**Task brief**
Since the copy must hold text only, transcribe the data below exactly and omit the images.

Items from a data source
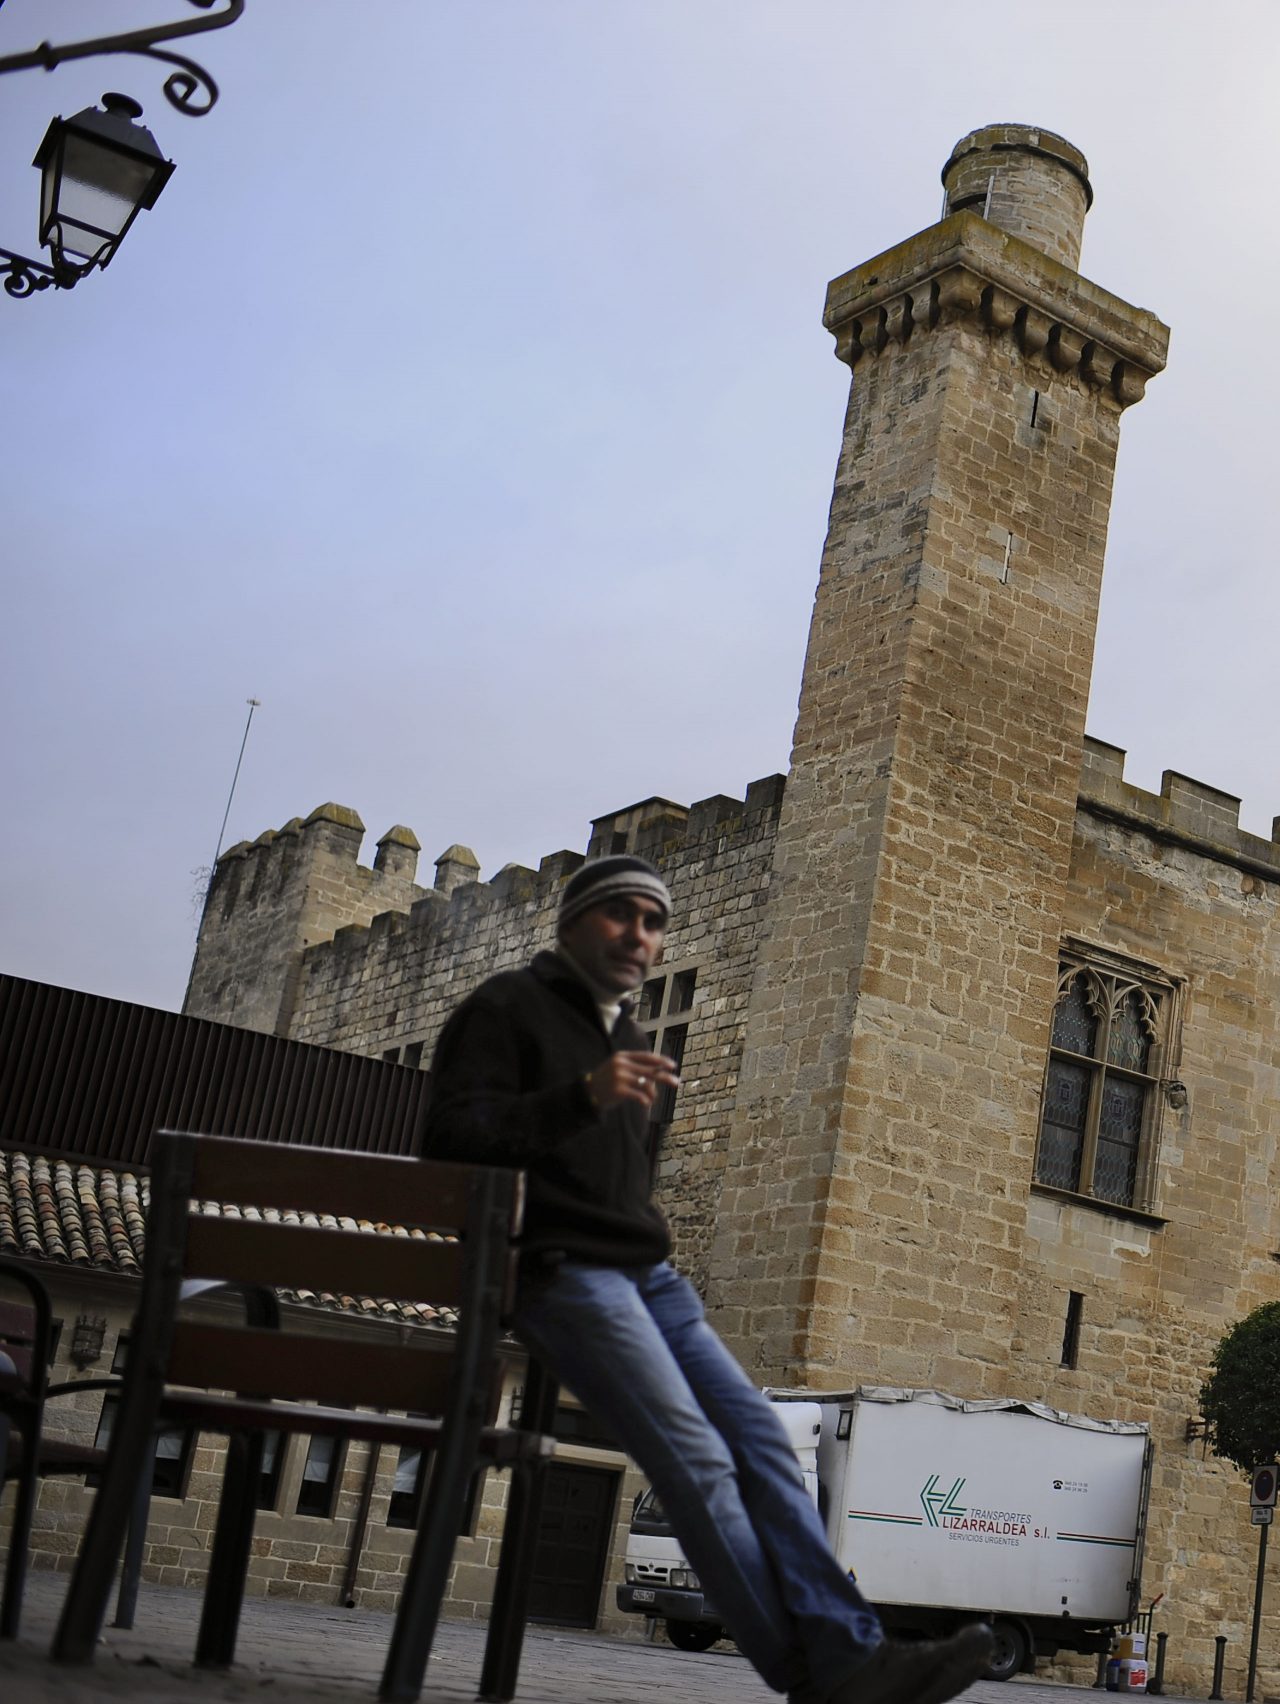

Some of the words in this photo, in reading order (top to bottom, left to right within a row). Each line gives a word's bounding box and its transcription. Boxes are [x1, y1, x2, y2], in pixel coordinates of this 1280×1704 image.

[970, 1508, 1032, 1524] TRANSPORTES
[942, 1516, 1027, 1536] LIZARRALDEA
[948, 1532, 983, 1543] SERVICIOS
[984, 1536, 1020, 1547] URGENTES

**Result for this exercise**
Some of the words in this photo, in reading order (top to bottom, left to right within a row). Each line gives a word's bounding box and its transcription. Boxes are [x1, y1, x2, y2], in pixel coordinates of this 1280×1704 image.

[970, 1508, 1032, 1524] TRANSPORTES
[942, 1516, 1027, 1536] LIZARRALDEA
[948, 1532, 983, 1543] SERVICIOS
[984, 1536, 1020, 1547] URGENTES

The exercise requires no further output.